Book: Faith in a Changing Climate. Chapter 1/1.
We are releasing sections of the book Faith in a Changing Climate for review. (The current Table of Contents is here.) This post provides the first part of Chapter 1. (Please note that this material is taken from the manuscript — it is likely to change as the book goes through the editing process.)
Background
We face multiple intersecting crises; these include climate change, resource depletion, biosphere destruction and population overshoot. Together, they constitute an ‘Age of Limits’. These crises are predicaments, not problems. Problems have solutions, predicaments do not. When faced with a predicament we can respond and adapt, but we cannot make it go away. Of these predicaments, climate change is the one that receives most attention, but it cannot be handled in isolation.

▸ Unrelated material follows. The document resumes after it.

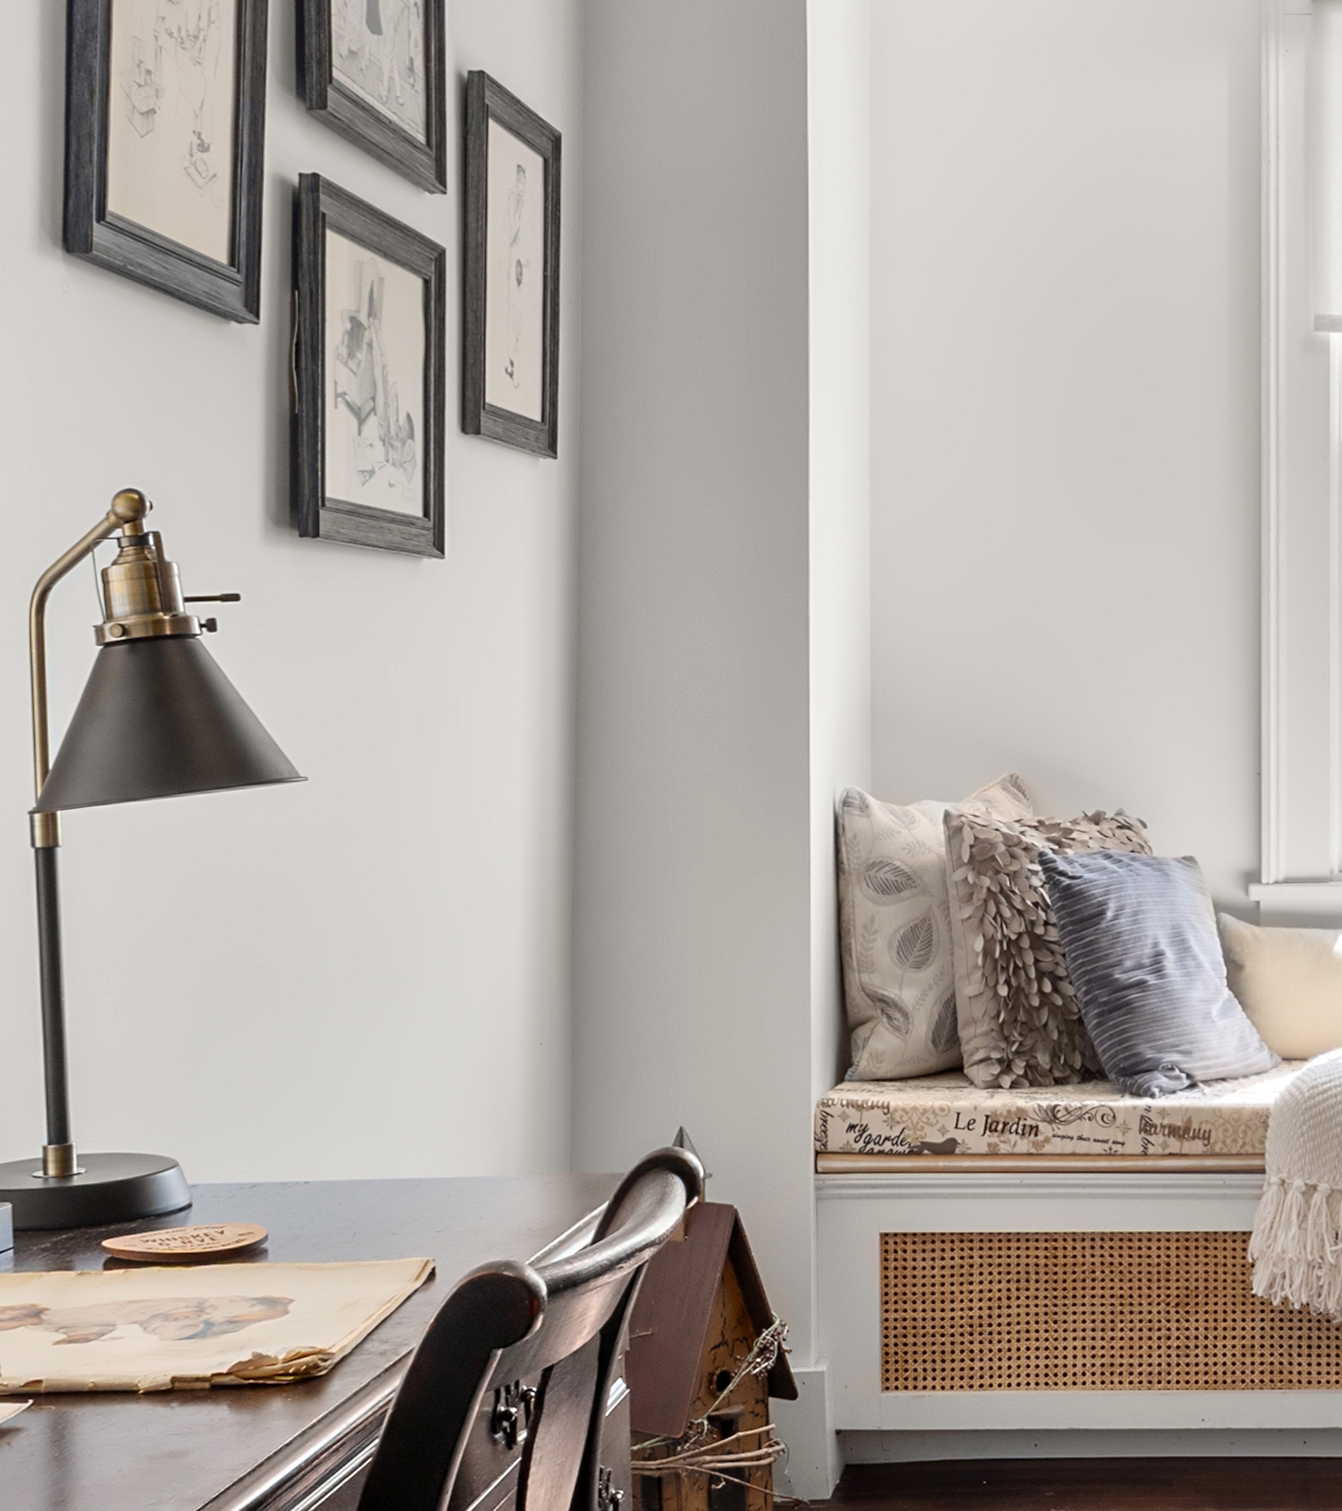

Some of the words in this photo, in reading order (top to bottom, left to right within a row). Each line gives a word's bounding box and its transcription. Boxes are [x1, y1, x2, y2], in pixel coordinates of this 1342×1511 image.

[815, 1110, 834, 1151] breeze
[846, 1121, 869, 1141] my
[954, 1112, 976, 1131] Le
[981, 1113, 1040, 1138] Jardin

Paul of Tarsus correctly said that, “We see through a glass darkly”. None of us know what the future holds. But it is becoming clear that, within the next few decades, we are in for wrenching and unpleasant changes. We cannot maintain ceaseless material growth in a finite world.
Leadership is required, but leadership is not happening. A politician cannot run on the platform of, ‘Elect me and I will reduce your standard of living’. (If he does, he will soon become an ex-politician.) Neither can businesses provide long-term leadership because their economic models are predicated on the assumption on never-ending economic growth, and they have to meet short-term financial targets.
The central theme of this book is that the church can provide that leadership. The Bible does not promise material prosperity — it talks mostly about spiritual and ethical matters. And, throughout the church’s history, sacrifice in one form or another has been integral to its message. Therefore, if the church is to provide leadership, the question becomes, ‘What form does that leadership take?’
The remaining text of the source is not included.